Rz. 12

Oft wird in der Gemeinschaftsordnung eine bestimmte Nutzung an die Zustimmung des Verwalters geknüpft.

 

Beispiel

Nach der Gemeinschaftsordnung ist die Ausübung eines Berufs oder Gewerbes in der Wohnung nur mit Zustimmung des Verwalters zulässig, die widerruflich und unter Auflagen erteilt und nur aus wichtigem Grund verweigert werden kann. Miteigentümer A betreibt mit Zustimmung des Verwalters einen Kiosk in seiner Wohnung. Miteigentümer B verlangt von der Gemeinschaft, dagegen einzuschreiten. – Zunächst ist die Frage zu klären, ob die Gemeinschaft von A die Unterlassung des Kioskbetriebs verlangen kann. Das ist der Fall. Die Nutzung als Kiosk stört mehr als die Wohnnutzung. Die Auslegung der Gemeinschaftsordnung ergibt, dass die Nutzung für Beruf oder Gewerbe nicht mehr stören darf als die Wohnnutzung. Die Verwalterzustimmung hätte nicht erteilt werden dürfen. Der Umstand alleine, dass sie erteilt wurde, macht die konkrete Nutzung noch nicht zulässig; der Zustimmungsvorbehalt stellt lediglich eine formale vorgeschaltete Bedingung der Nutzung dar. Weil die Gemeinschaft an die vom Verwalter erklärte Zustimmung nicht gebunden ist, kann sie Unterlassung verlangen. Daraus ergibt sich die Empfehlung an Wohnungseigentümer, niemals allein auf die Verwalterzustimmung zu vertrauen, sondern stets auch noch einen Zustimmungsbeschluss der Gemeinschaft einzuholen (so auch in Fall baulicher Maßnahmen (→ § 4 Rdn 91). Eine andere Frage ist es, ob B ein Einschreiten der Gemeinschaft verlangen kann. Das ist (nur) der Fall, wenn durch die Kiosknutzung in seinem Sondereigentum gestört wird; es verhält sich wie im Fall unzulässiger Baumaßnahmen Einzelner (→ § 4 Rdn 126).

 

Rz. 13

Wenn die nach der Teilungserklärung erforderliche Verwalterzustimmung fehlt, muss eine Nutzung ohne Zustimmung alleine aus diesem (formellen) Grund gerichtlich untersagt werden (str.).

 

Beispiel

Im vorstehenden Beispielsfall betreibt A ein nicht störendes Gewerbe in seiner Wohnung; die Zustimmung des Verwalters hat er nicht eingeholt.

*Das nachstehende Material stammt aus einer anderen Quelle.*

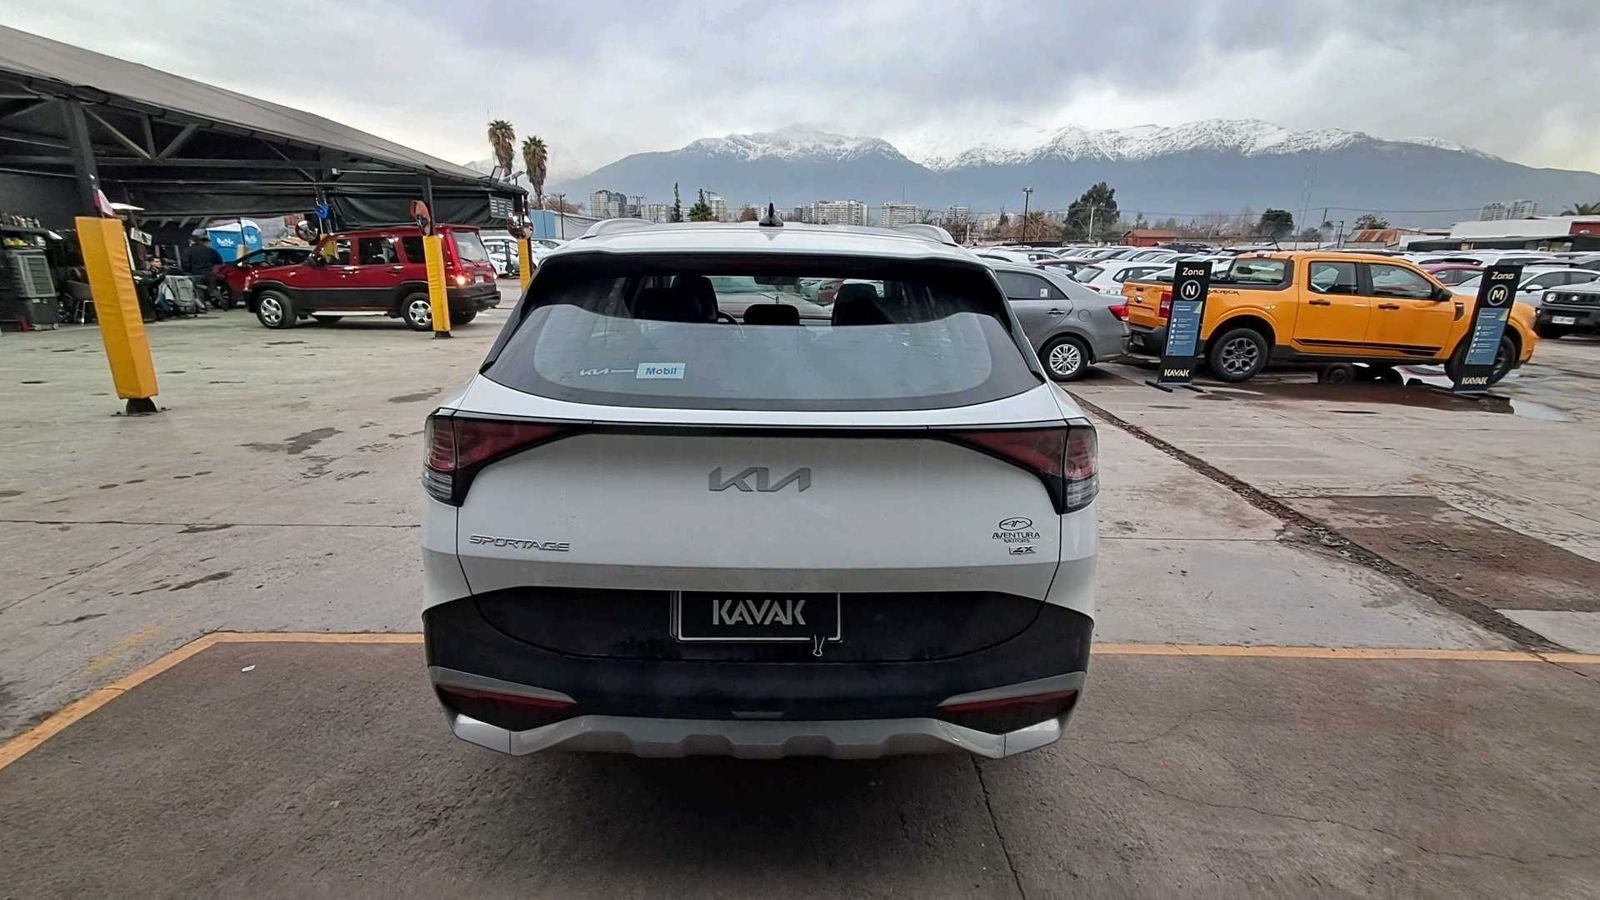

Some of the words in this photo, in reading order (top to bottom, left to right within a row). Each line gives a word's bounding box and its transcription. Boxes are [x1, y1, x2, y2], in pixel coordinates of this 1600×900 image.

Der Verwalter klagt (ohne zuvor die Gemeinschaft damit befasst zu haben) namens der Gemeinschaft auf Unterlassung. – Mit Erfolg. Ob A materiell einen Anspruch auf Erteilung der Zustimmung hat, kann offen bleiben, denn jedenfalls hat er sie nicht eingeholt. Er kann einen etwaigen Anspruch auf Zustimmung dem Unterlassungsanspruch nicht entgegen halten (str.).[61]

 

Rz. 14

 

Praxistipp

Die Zustimmung des Verwalters kann auch noch eingeholt werden, nachdem die Nutzung bereits begonnen hat. Allein der Umstand, dass sie nicht vorher eingeholt wurde, führt nicht dazu, dass sie verweigert werden dürfte (wenn im Übrigen ein Anspruch darauf besteht).

 

Rz. 15

Mitunter wird eine bestimmte Nutzung an das Vorliegen einer Baugenehmigung geknüpft.

 

Beispiel

Nach der Teilungserklärung ist die gewerbliche Nutzung einer Teileigentumseinheit in einem Wohn- und Geschäftshaus zulässig, sofern sie baurechtlich genehmigt ist. Die Baubehörde erteilt dem Miteigentümer A die Genehmigung zur Nutzung als Gesangsschule. Die davon gestörten Miteigentümer halten die Baugenehmigung (und die darauf beruhende Nutzung) für unzulässig und gehen dagegen vor. – Widerspruch und Anfechtungsklage gegen die Baugenehmigung sind mangels Anfechtungs- bzw. Klagebefugnis unzulässig, gleichgültig ob die rechtlichen Schritte seitens der Gemeinschaft oder seitens einzelner Wohnungseigentümer geführt werden. Die öffentlich-rechtlichen Vorschriften dienen nur dem Schutz der Grundstücksnachbarn, nicht aber dem Schutz der Miteigentümer (→ § 4 Rdn 169). Den Miteigentümern bzw. der insoweit allein klagebefugten Gemeinschaft bleibt nichts anderes übrig, als vor dem Amtsgericht gegen A vorzugehen und die Unterlassung der beanstandeten Nutzung zu beanspruchen. Die Klage wird Erfolg haben, wenn die Gemeinschaft das Amtsgericht davon überzeugt, dass die Baugenehmigung rechtswidrig ist und nicht hätte erteilt werden dürfen. Bei sinnvoller Auslegung der Gemeinschaftsordnung ergibt sich nämlich, dass Voraussetzung einer zulässigen Nutzung die materielle Rechtmäßigkeit der Baugenehmigung ist.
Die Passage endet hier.